++++ Dataset entries ++++
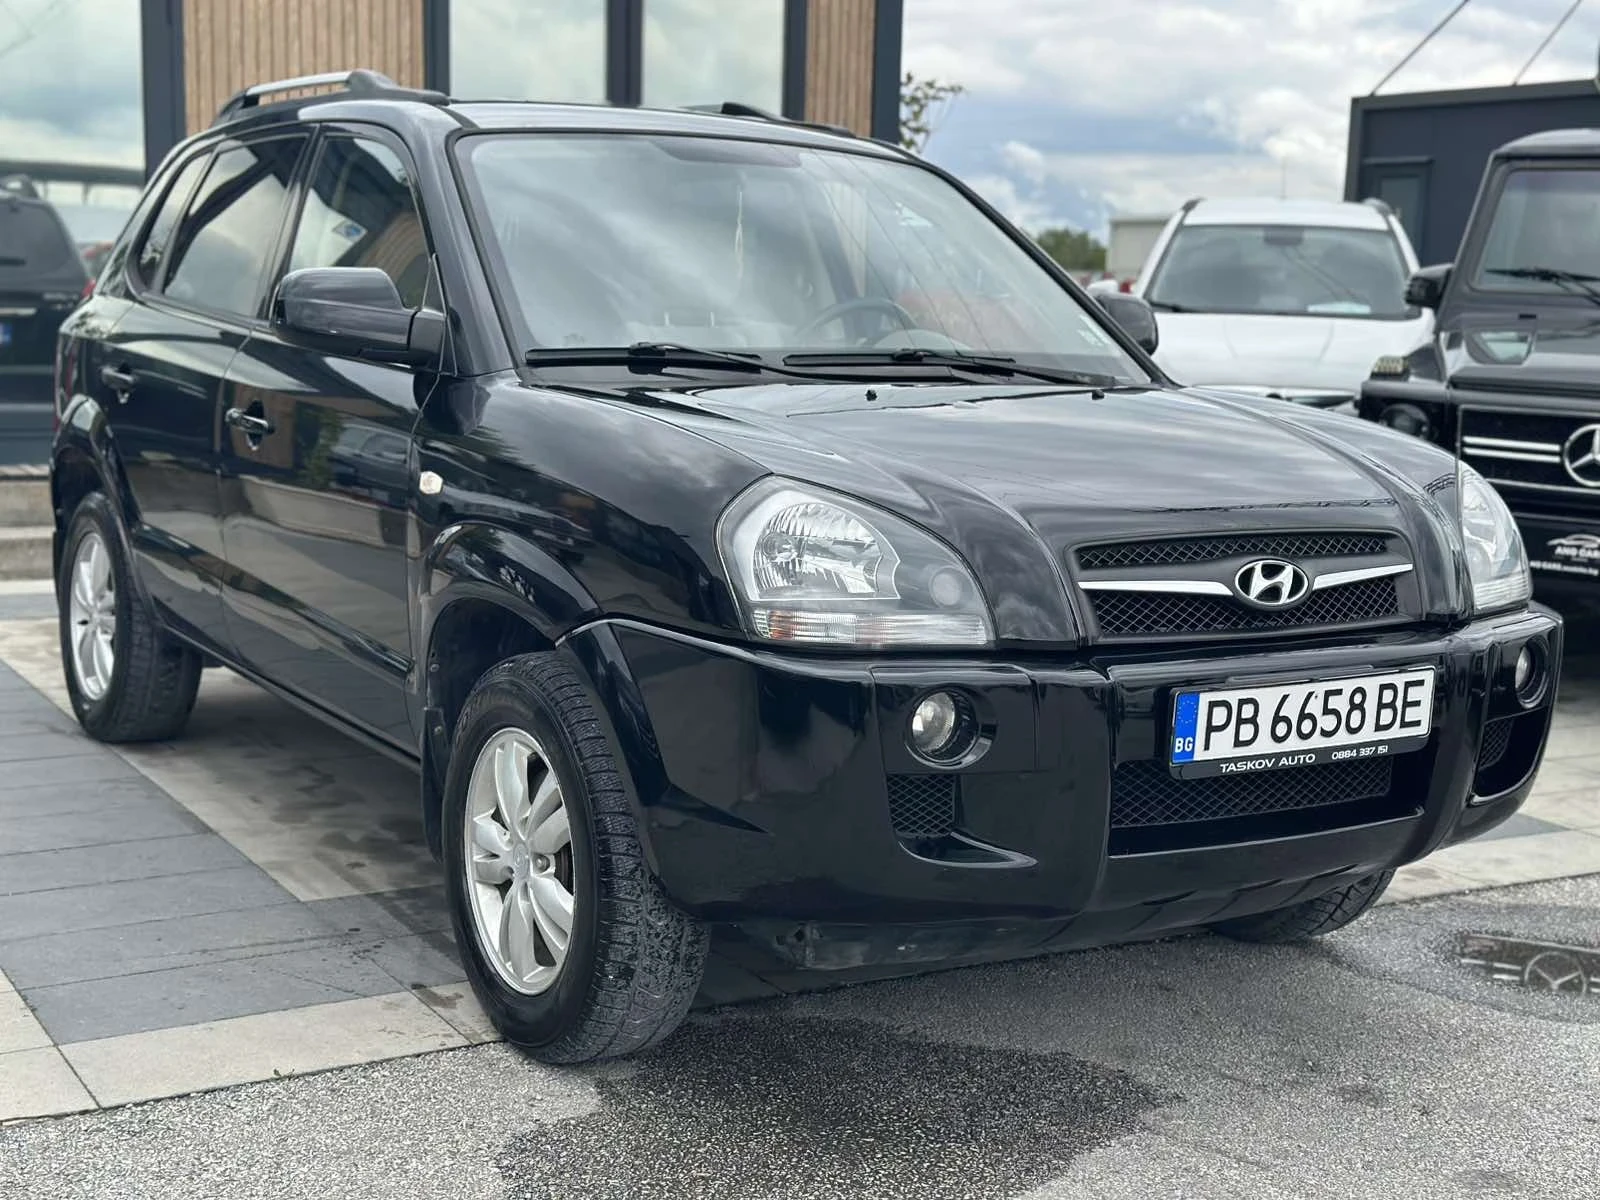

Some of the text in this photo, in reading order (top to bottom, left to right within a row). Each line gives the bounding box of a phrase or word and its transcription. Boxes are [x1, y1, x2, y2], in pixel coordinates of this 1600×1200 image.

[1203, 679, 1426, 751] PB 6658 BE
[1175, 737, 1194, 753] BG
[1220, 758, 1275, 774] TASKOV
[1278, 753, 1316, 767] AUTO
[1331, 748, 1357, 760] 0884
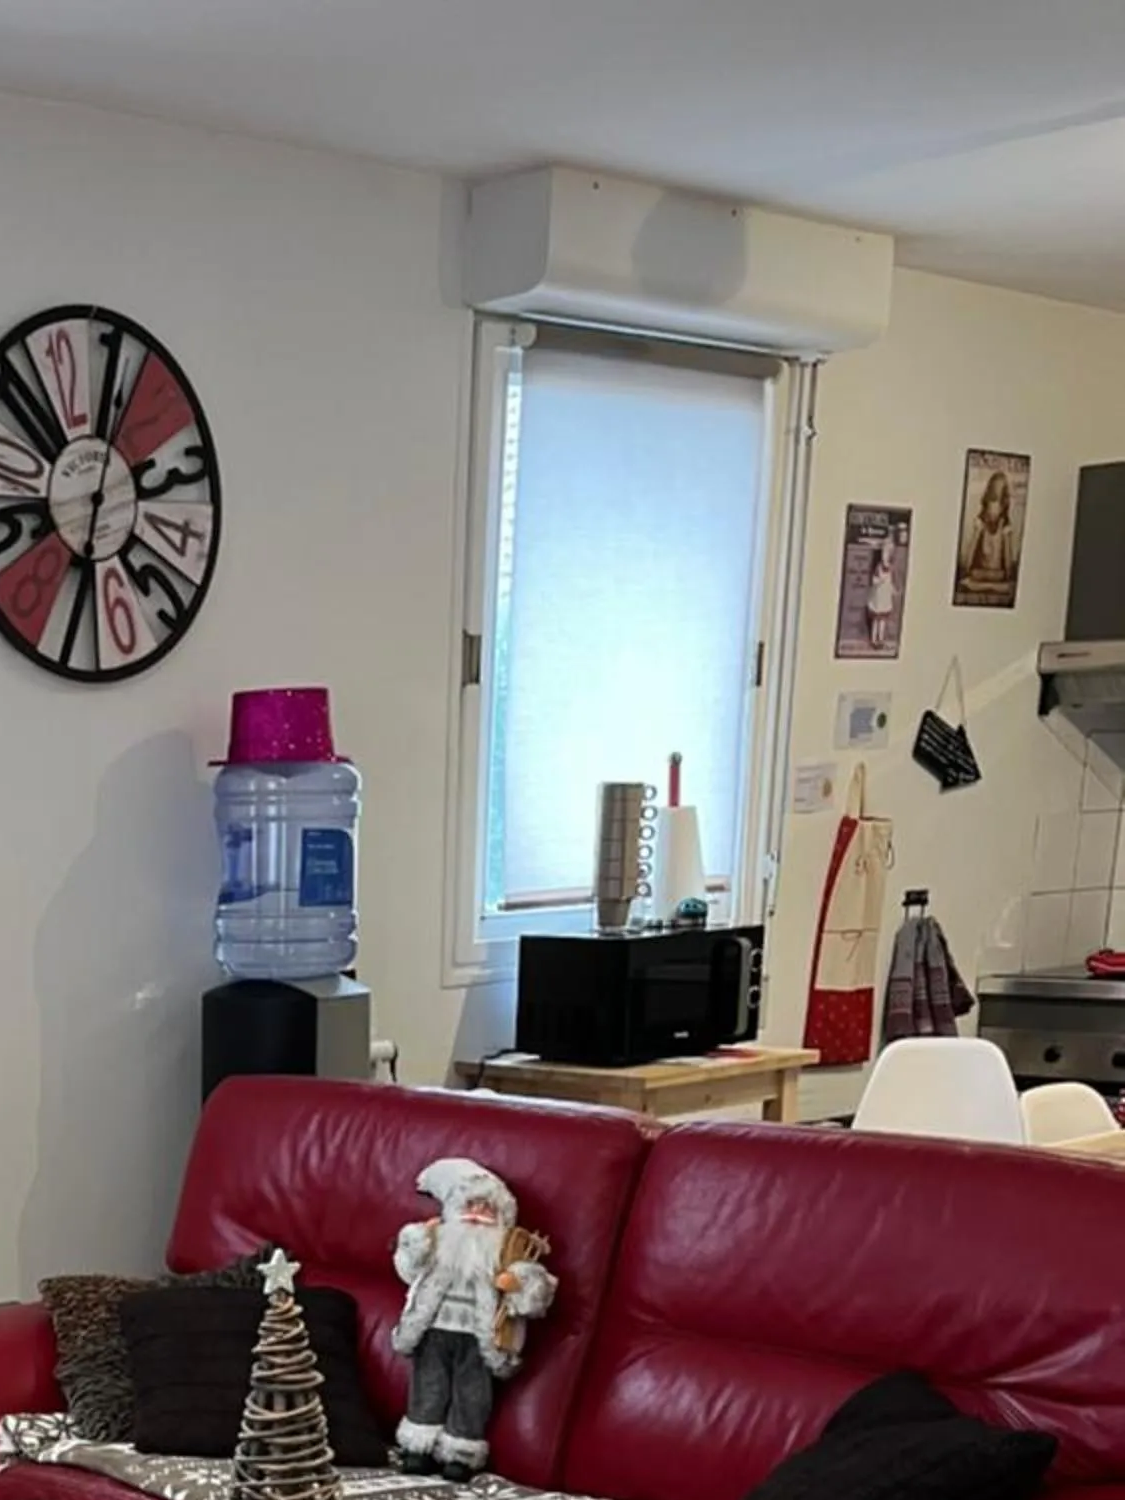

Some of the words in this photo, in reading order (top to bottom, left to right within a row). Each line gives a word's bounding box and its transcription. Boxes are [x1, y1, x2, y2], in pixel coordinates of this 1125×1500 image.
++++
Required action:
Omit every picture, then reproduce the rest of the listing exactly.

Expected output:
Some of the text in this photo, in reading order (top to bottom, left to right within a row). Each line gives the bounding box of a phrase or word and its transcription. Boxes are [x1, y1, x2, y2], in pixel coordinates of this 1600×1200 image.

[1203, 679, 1426, 751] PB 6658 BE
[1175, 737, 1194, 753] BG
[1220, 758, 1275, 774] TASKOV
[1278, 753, 1316, 767] AUTO
[1331, 748, 1357, 760] 0884

Some of the words in this photo, in reading order (top to bottom, left to right within a row). Each line gives a word's bounding box and its transcription. Boxes are [x1, y1, x2, y2], in pixel coordinates of this 1125×1500 image.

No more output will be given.